— Your assignment —
Would you reproduce every line of the material exactly?

— Data supplied —

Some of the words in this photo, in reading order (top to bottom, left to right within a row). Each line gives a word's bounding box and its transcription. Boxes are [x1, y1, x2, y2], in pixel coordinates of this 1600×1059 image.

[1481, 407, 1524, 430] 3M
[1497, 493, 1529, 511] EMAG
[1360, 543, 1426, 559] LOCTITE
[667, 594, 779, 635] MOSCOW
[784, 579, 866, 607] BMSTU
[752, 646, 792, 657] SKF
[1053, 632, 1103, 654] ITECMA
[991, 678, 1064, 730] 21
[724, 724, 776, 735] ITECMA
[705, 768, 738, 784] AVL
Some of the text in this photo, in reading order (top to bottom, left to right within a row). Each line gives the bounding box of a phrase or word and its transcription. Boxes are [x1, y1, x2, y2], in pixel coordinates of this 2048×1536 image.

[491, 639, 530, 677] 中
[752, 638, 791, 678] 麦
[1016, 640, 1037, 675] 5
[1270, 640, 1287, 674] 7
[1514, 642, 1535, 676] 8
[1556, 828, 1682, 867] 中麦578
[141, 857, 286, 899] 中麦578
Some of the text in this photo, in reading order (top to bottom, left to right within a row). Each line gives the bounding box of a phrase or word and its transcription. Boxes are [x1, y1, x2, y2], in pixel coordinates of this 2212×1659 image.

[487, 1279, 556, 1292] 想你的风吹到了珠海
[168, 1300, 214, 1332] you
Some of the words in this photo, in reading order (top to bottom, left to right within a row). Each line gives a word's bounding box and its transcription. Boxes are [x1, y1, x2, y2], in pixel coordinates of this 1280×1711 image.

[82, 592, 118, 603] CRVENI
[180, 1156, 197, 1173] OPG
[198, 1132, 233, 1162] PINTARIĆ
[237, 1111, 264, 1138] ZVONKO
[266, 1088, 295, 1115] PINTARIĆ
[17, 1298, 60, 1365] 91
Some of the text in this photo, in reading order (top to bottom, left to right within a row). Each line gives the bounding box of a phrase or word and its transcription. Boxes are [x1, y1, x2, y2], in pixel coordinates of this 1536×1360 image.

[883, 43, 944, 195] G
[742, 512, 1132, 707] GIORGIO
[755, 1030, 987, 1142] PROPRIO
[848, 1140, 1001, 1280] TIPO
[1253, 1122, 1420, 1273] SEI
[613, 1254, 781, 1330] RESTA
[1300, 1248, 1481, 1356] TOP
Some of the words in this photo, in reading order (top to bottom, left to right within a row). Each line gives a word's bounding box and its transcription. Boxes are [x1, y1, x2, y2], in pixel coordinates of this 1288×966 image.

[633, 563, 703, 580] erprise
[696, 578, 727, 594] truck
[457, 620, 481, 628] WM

— Response area —
Some of the words in this photo, in reading order (top to bottom, left to right within a row). Each line gives a word's bounding box and its transcription. Boxes are [x1, y1, x2, y2], in pixel coordinates of this 1600×1059 image.

[1481, 407, 1524, 430] 3M
[1497, 493, 1529, 511] EMAG
[1360, 543, 1426, 559] LOCTITE
[667, 594, 779, 635] MOSCOW
[784, 579, 866, 607] BMSTU
[752, 646, 792, 657] SKF
[1053, 632, 1103, 654] ITECMA
[991, 678, 1064, 730] 21
[724, 724, 776, 735] ITECMA
[705, 768, 738, 784] AVL
Some of the text in this photo, in reading order (top to bottom, left to right within a row). Each line gives the bounding box of a phrase or word and its transcription. Boxes are [x1, y1, x2, y2], in pixel coordinates of this 2048×1536 image.

[491, 639, 530, 677] 中
[752, 638, 791, 678] 麦
[1016, 640, 1037, 675] 5
[1270, 640, 1287, 674] 7
[1514, 642, 1535, 676] 8
[1556, 828, 1682, 867] 中麦578
[141, 857, 286, 899] 中麦578
Some of the text in this photo, in reading order (top to bottom, left to right within a row). Each line gives the bounding box of a phrase or word and its transcription. Boxes are [x1, y1, x2, y2], in pixel coordinates of this 2212×1659 image.

[487, 1279, 556, 1292] 想你的风吹到了珠海
[168, 1300, 214, 1332] you
Some of the words in this photo, in reading order (top to bottom, left to right within a row). Each line gives a word's bounding box and its transcription. Boxes are [x1, y1, x2, y2], in pixel coordinates of this 1280×1711 image.

[82, 592, 118, 603] CRVENI
[180, 1156, 197, 1173] OPG
[198, 1132, 233, 1162] PINTARIĆ
[237, 1111, 264, 1138] ZVONKO
[266, 1088, 295, 1115] PINTARIĆ
[17, 1298, 60, 1365] 91
Some of the text in this photo, in reading order (top to bottom, left to right within a row). Each line gives the bounding box of a phrase or word and its transcription. Boxes are [x1, y1, x2, y2], in pixel coordinates of this 1536×1360 image.

[883, 43, 944, 195] G
[742, 512, 1132, 707] GIORGIO
[755, 1030, 987, 1142] PROPRIO
[848, 1140, 1001, 1280] TIPO
[1253, 1122, 1420, 1273] SEI
[613, 1254, 781, 1330] RESTA
[1300, 1248, 1481, 1356] TOP
Some of the words in this photo, in reading order (top to bottom, left to right within a row). Each line gives a word's bounding box and its transcription. Boxes are [x1, y1, x2, y2], in pixel coordinates of this 1288×966 image.

[633, 563, 703, 580] erprise
[696, 578, 727, 594] truck
[457, 620, 481, 628] WM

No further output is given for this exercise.